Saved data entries
----

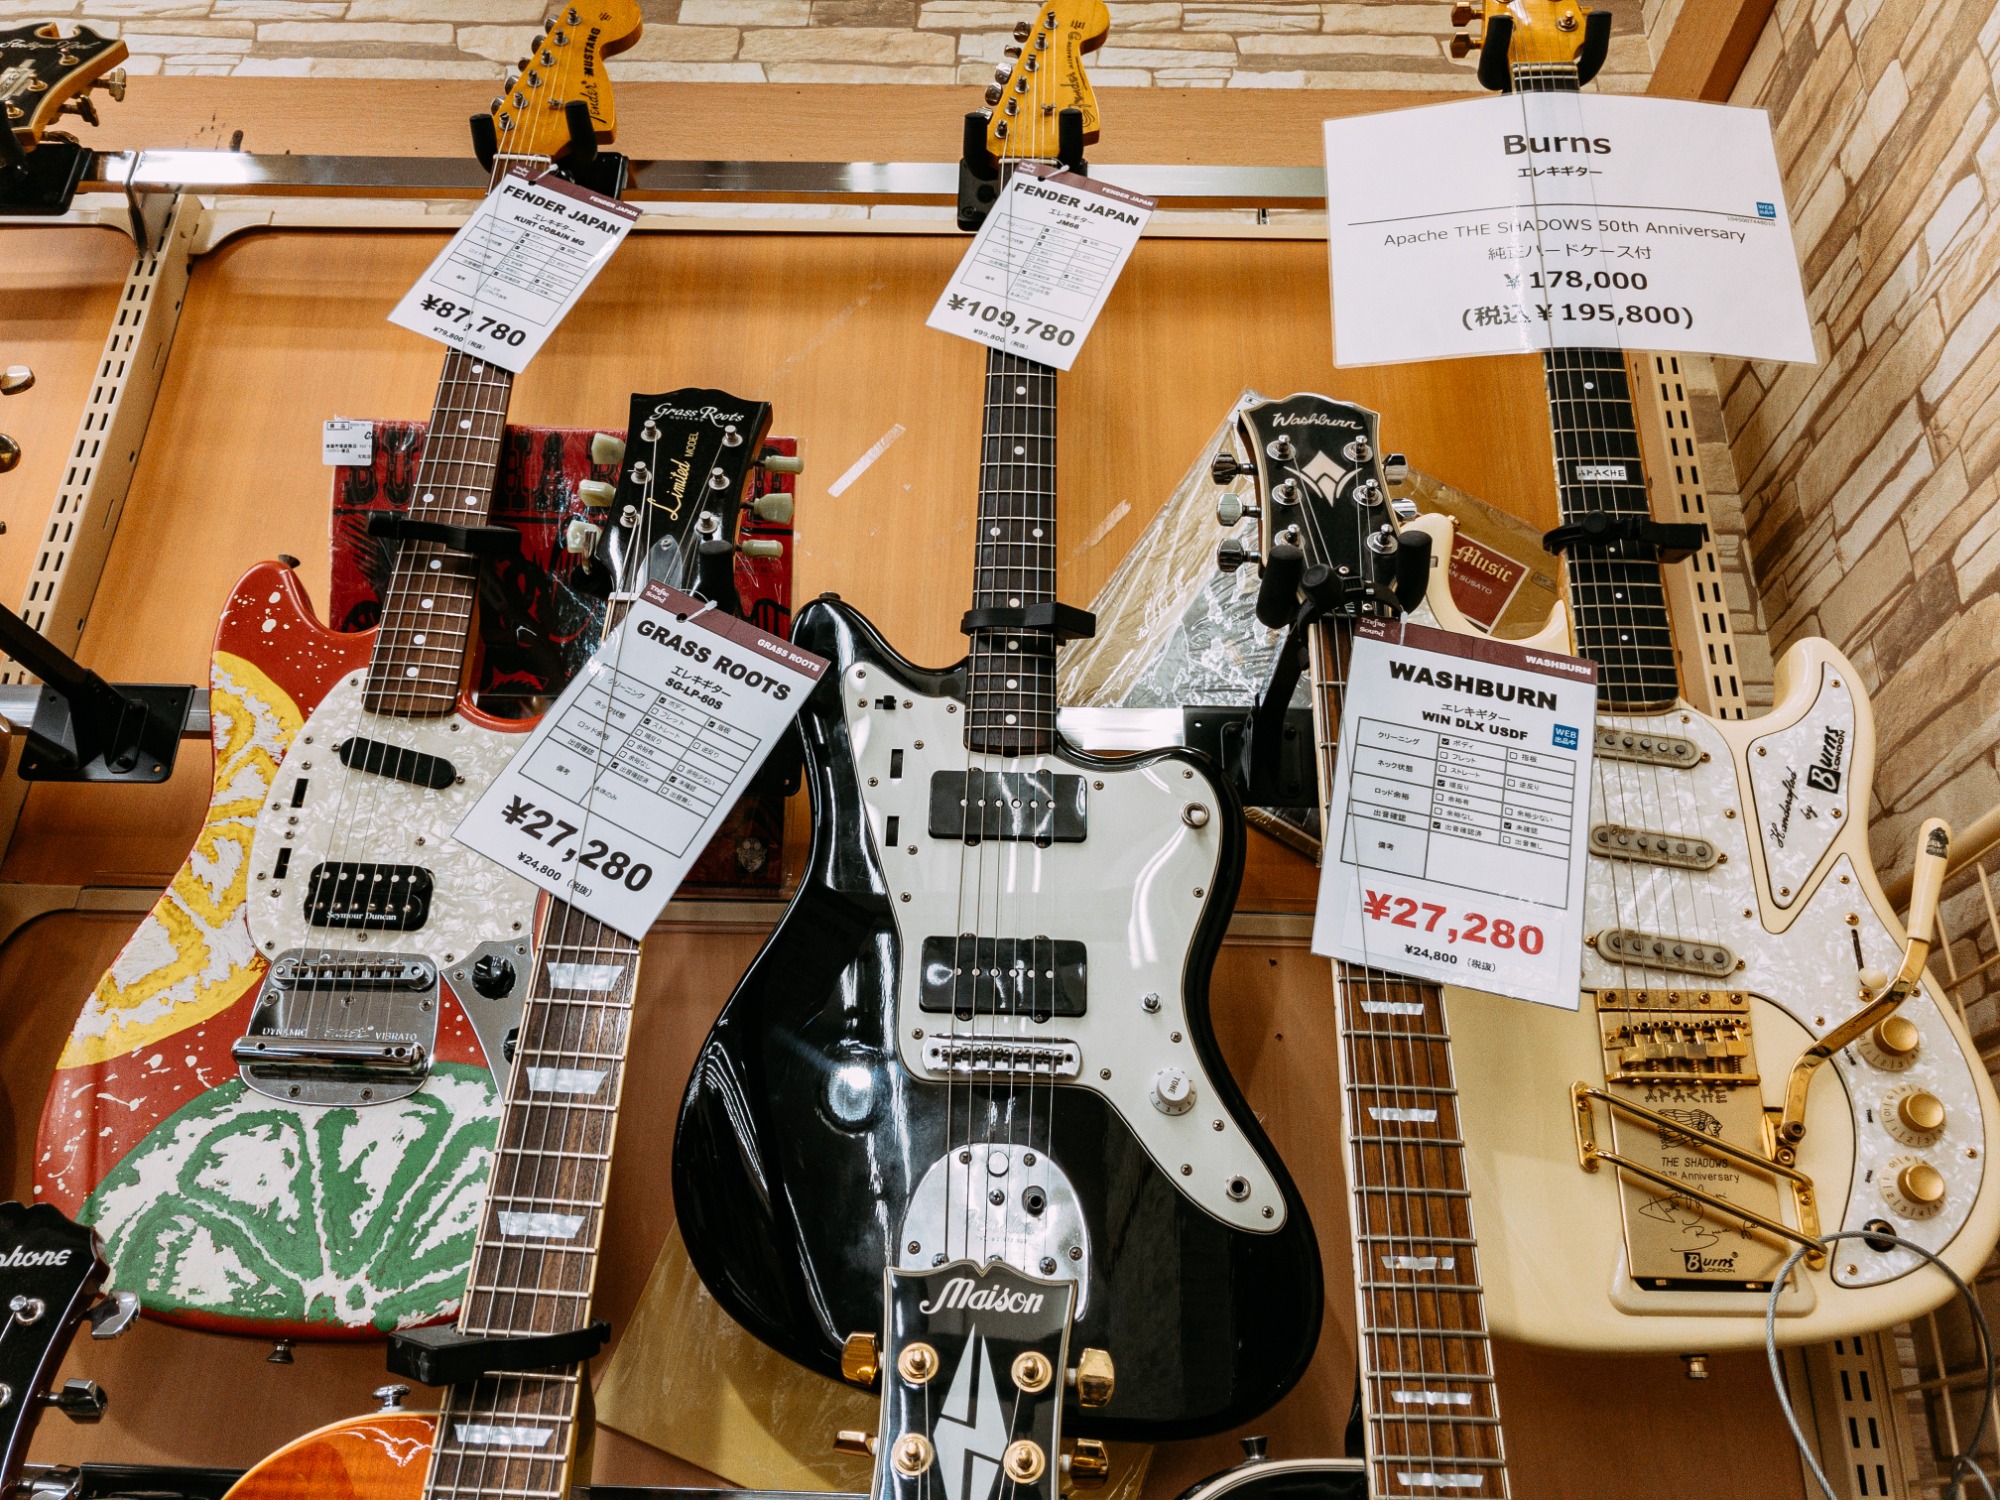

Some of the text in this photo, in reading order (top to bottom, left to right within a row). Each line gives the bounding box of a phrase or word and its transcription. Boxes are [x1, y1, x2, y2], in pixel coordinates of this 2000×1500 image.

[584, 28, 600, 77] MUSTANG
[1503, 133, 1612, 157] Burns
[1517, 166, 1603, 178] エレキギター
[1013, 183, 1140, 226] FENDER JAPAN
[1101, 187, 1153, 206] FENDER JAPAN
[502, 184, 621, 235] FENDER JAPAN
[513, 215, 536, 226] KURT
[538, 225, 570, 239] COBAIN
[571, 237, 585, 245] MG
[533, 214, 575, 233] エレキギター
[1384, 219, 1746, 247] Apache THE SHADOWS 50th Anniversary
[1488, 243, 1651, 261] 純正ハードケース付
[420, 294, 527, 347] ¥87,780
[947, 294, 1076, 346] ¥109,780
[649, 403, 744, 428] Grass Roots
[1272, 412, 1364, 430] Washburn
[647, 432, 699, 520] Limited MODEL
[1452, 546, 1513, 583] Music
[1459, 574, 1492, 595] SUSATO
[1359, 626, 1384, 637] Sound
[636, 620, 791, 700] GRASS ROOTS
[757, 638, 820, 672] GRASS ROOTS
[1526, 655, 1592, 675] WASHBURN
[672, 666, 731, 698] エレキギター
[1389, 661, 1557, 711] WASHBURN
[665, 678, 722, 709] SG-LP-60S
[593, 699, 626, 719] ネック状態
[660, 711, 685, 727] フレット
[1441, 703, 1510, 722] エレキギター
[1422, 710, 1528, 741] WIN DLX USDF
[1555, 727, 1576, 739] WEB
[1378, 731, 1420, 745] クリーニング
[1453, 740, 1474, 750] ボディ
[1452, 752, 1476, 763] フレット
[1807, 725, 1841, 794] Burns
[1833, 730, 1845, 771] LONDON
[554, 764, 571, 776] 備考
[1377, 759, 1413, 773] ネック状態
[1450, 766, 1480, 778] ストレート
[1375, 787, 1410, 801] ロッド余裕
[1374, 809, 1406, 822] 出音確認
[1446, 808, 1473, 821] 余裕なし
[1770, 766, 1818, 848] Handcrafted by
[1445, 822, 1482, 837] 出音確認済
[1516, 824, 1538, 835] 未確認
[501, 794, 653, 892] ¥27,280
[1378, 842, 1394, 850] 備考
[517, 852, 561, 881] ¥24,800
[327, 912, 397, 921] Seymour Duncan
[1364, 889, 1544, 955] ¥27,280
[1404, 944, 1458, 965] ¥24,800
[262, 1027, 307, 1036] DYNAMIC
[376, 1032, 417, 1041] VIBRATO
[1168, 1077, 1181, 1094] TONE
[1645, 1089, 1727, 1103] APACHE
[1662, 1157, 1728, 1168] THE SHADOWS
[1681, 1171, 1740, 1183] Anniversary
[1684, 1252, 1734, 1272] Burns
[919, 1278, 1044, 1314] Maison

----

→ **Description of the task**:
Your task is to set down each line above verbatim while excluding the pictures.

→ **Answer for the task**:
Some of the text in this photo, in reading order (top to bottom, left to right within a row). Each line gives the bounding box of a phrase or word and its transcription. Boxes are [x1, y1, x2, y2], in pixel coordinates of this 2000×1500 image.

[584, 28, 600, 77] MUSTANG
[1503, 133, 1612, 157] Burns
[1517, 166, 1603, 178] エレキギター
[1013, 183, 1140, 226] FENDER JAPAN
[1101, 187, 1153, 206] FENDER JAPAN
[502, 184, 621, 235] FENDER JAPAN
[513, 215, 536, 226] KURT
[538, 225, 570, 239] COBAIN
[571, 237, 585, 245] MG
[533, 214, 575, 233] エレキギター
[1384, 219, 1746, 247] Apache THE SHADOWS 50th Anniversary
[1488, 243, 1651, 261] 純正ハードケース付
[420, 294, 527, 347] ¥87,780
[947, 294, 1076, 346] ¥109,780
[649, 403, 744, 428] Grass Roots
[1272, 412, 1364, 430] Washburn
[647, 432, 699, 520] Limited MODEL
[1452, 546, 1513, 583] Music
[1459, 574, 1492, 595] SUSATO
[1359, 626, 1384, 637] Sound
[636, 620, 791, 700] GRASS ROOTS
[757, 638, 820, 672] GRASS ROOTS
[1526, 655, 1592, 675] WASHBURN
[672, 666, 731, 698] エレキギター
[1389, 661, 1557, 711] WASHBURN
[665, 678, 722, 709] SG-LP-60S
[593, 699, 626, 719] ネック状態
[660, 711, 685, 727] フレット
[1441, 703, 1510, 722] エレキギター
[1422, 710, 1528, 741] WIN DLX USDF
[1555, 727, 1576, 739] WEB
[1378, 731, 1420, 745] クリーニング
[1453, 740, 1474, 750] ボディ
[1452, 752, 1476, 763] フレット
[1807, 725, 1841, 794] Burns
[1833, 730, 1845, 771] LONDON
[554, 764, 571, 776] 備考
[1377, 759, 1413, 773] ネック状態
[1450, 766, 1480, 778] ストレート
[1375, 787, 1410, 801] ロッド余裕
[1374, 809, 1406, 822] 出音確認
[1446, 808, 1473, 821] 余裕なし
[1770, 766, 1818, 848] Handcrafted by
[1445, 822, 1482, 837] 出音確認済
[1516, 824, 1538, 835] 未確認
[501, 794, 653, 892] ¥27,280
[1378, 842, 1394, 850] 備考
[517, 852, 561, 881] ¥24,800
[327, 912, 397, 921] Seymour Duncan
[1364, 889, 1544, 955] ¥27,280
[1404, 944, 1458, 965] ¥24,800
[262, 1027, 307, 1036] DYNAMIC
[376, 1032, 417, 1041] VIBRATO
[1168, 1077, 1181, 1094] TONE
[1645, 1089, 1727, 1103] APACHE
[1662, 1157, 1728, 1168] THE SHADOWS
[1681, 1171, 1740, 1183] Anniversary
[1684, 1252, 1734, 1272] Burns
[919, 1278, 1044, 1314] Maison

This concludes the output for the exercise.